And my grandmother, her mom, had passed away around the age that my mom is today, and my mom was greatly concerned that maybe something would happen, and Erika and I would be in this world, just us, and my mom wanted to know that if something happened, we had a college degree to fall back on, that we could get a job, and we could do well with that degree. And I owe tremendous debt to Branford High School and Suwannee County because they funded me and my sister, our college education in that fashion.
Nicci Brown: Can you tell us a little bit more about the focus of your studies and how you actually became interested in that area?
Aimee Clesi: This started for me when I was at the Jacksonville state attorney's office. While I was there as an intern, there were undergraduates and law students, and I had mentioned earlier Melissa Nelson, Shelley Thibodeau, these two women who I greatly admire and want to be like. Before working at the state attorney's office, I had come from the Supreme Court of Florida. I had saw the justices, like Justice Jorge Labarga, who I mentioned, and these were all these people that I wanted to be like. So, during this internship, I found what I was truly passionate about. I had known I wanted to be a lawyer. I had liked the idea of criminal defense and going to trial. I thought, "Well, you know what, I'll see what it's about." So, the state attorneys and the prosecutors over in Jacksonville really took me under their wing. And they, I went to court with them. I saw first appearances. I saw a trial in one case, and it was just really, really cool being there.

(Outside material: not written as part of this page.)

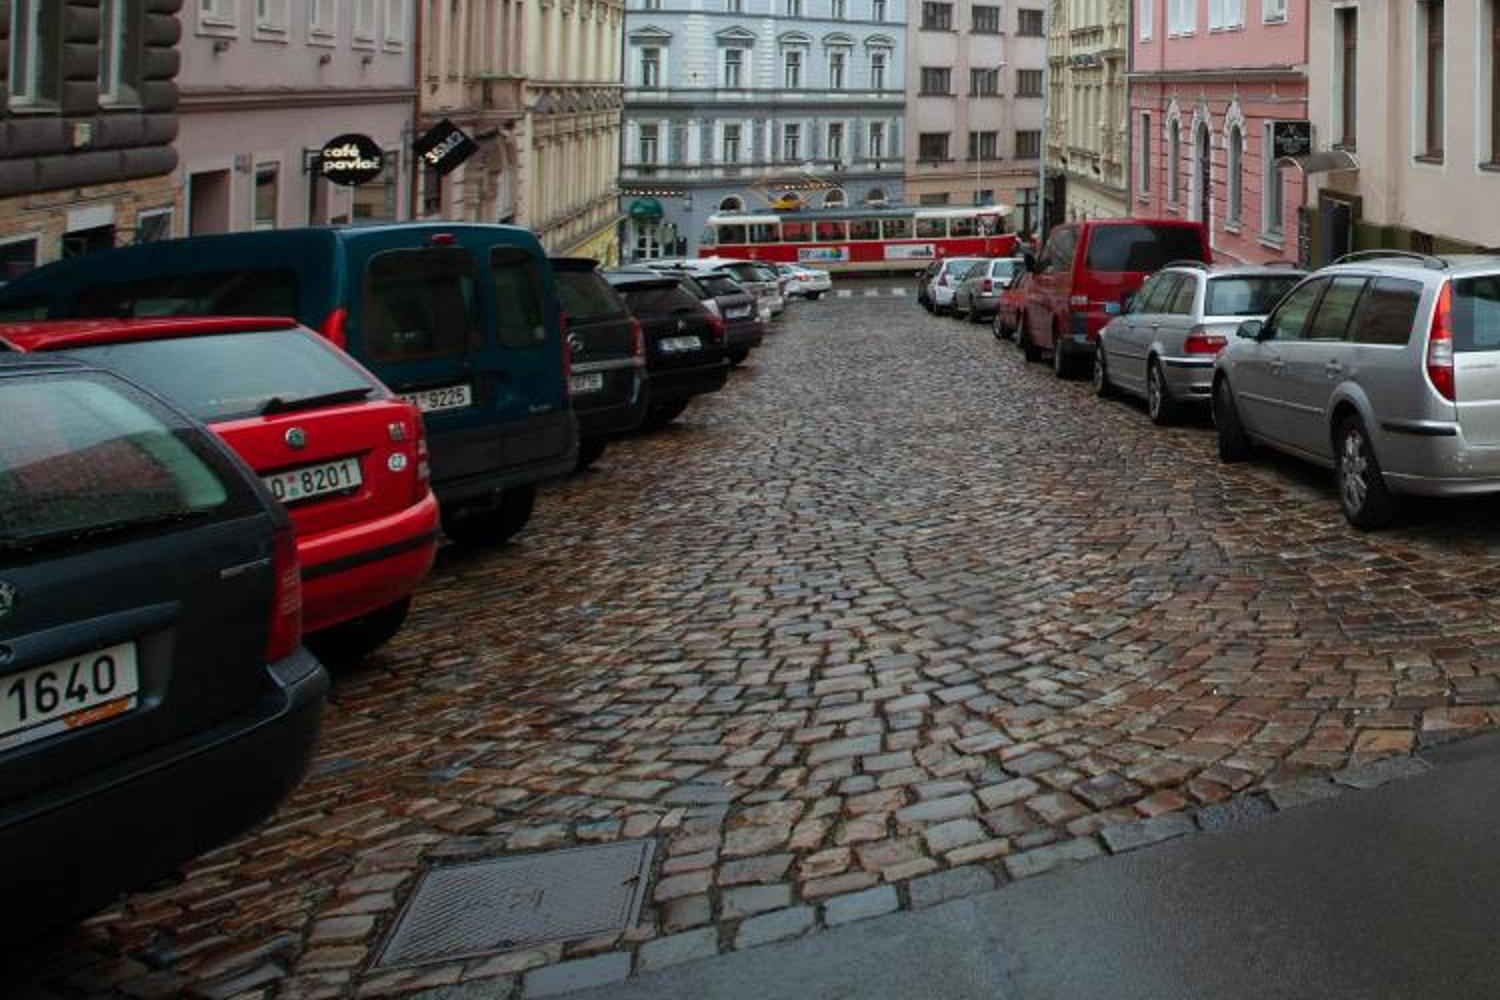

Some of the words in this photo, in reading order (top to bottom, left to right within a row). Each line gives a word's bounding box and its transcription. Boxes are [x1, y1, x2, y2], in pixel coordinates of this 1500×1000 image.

[323, 143, 360, 158] café
[301, 463, 352, 493] 8201
[7, 654, 116, 721] 1640

For a while, though, I wasn't getting any assignments. And so, I remember going to the division chief and saying, "Hey, can I, can I help you with a case?" And I mean, they wouldn't have me write anything like the law students were because I wasn't in law school. But being able to see what these lawyers were writing in certain cases was really amazing. I remember going into this division chief's office, and she had a huge box of files on her desk and I told her, “Hey, I want to work on something." And she points to this box, and she goes, “Go through this box and make sure everything's there.” And I thought, “Okay, I got my first assignment, you know.”
While I was going through this case, I was looking at all the evidence. I was looking up Florida rules of criminal procedure, how the case was tried, and all kinds of things. I learned exactly what the division chief was doing by going through this case file. And I remember this young man who’s at the center of the case, and I was convinced that maybe the state attorney’s office had gotten this wrong. There were pieces of evidence that were not presented at trial that I thought merited particular attention that could have changed the outcome of this boy’s future at the time, and the jury never heard any of it.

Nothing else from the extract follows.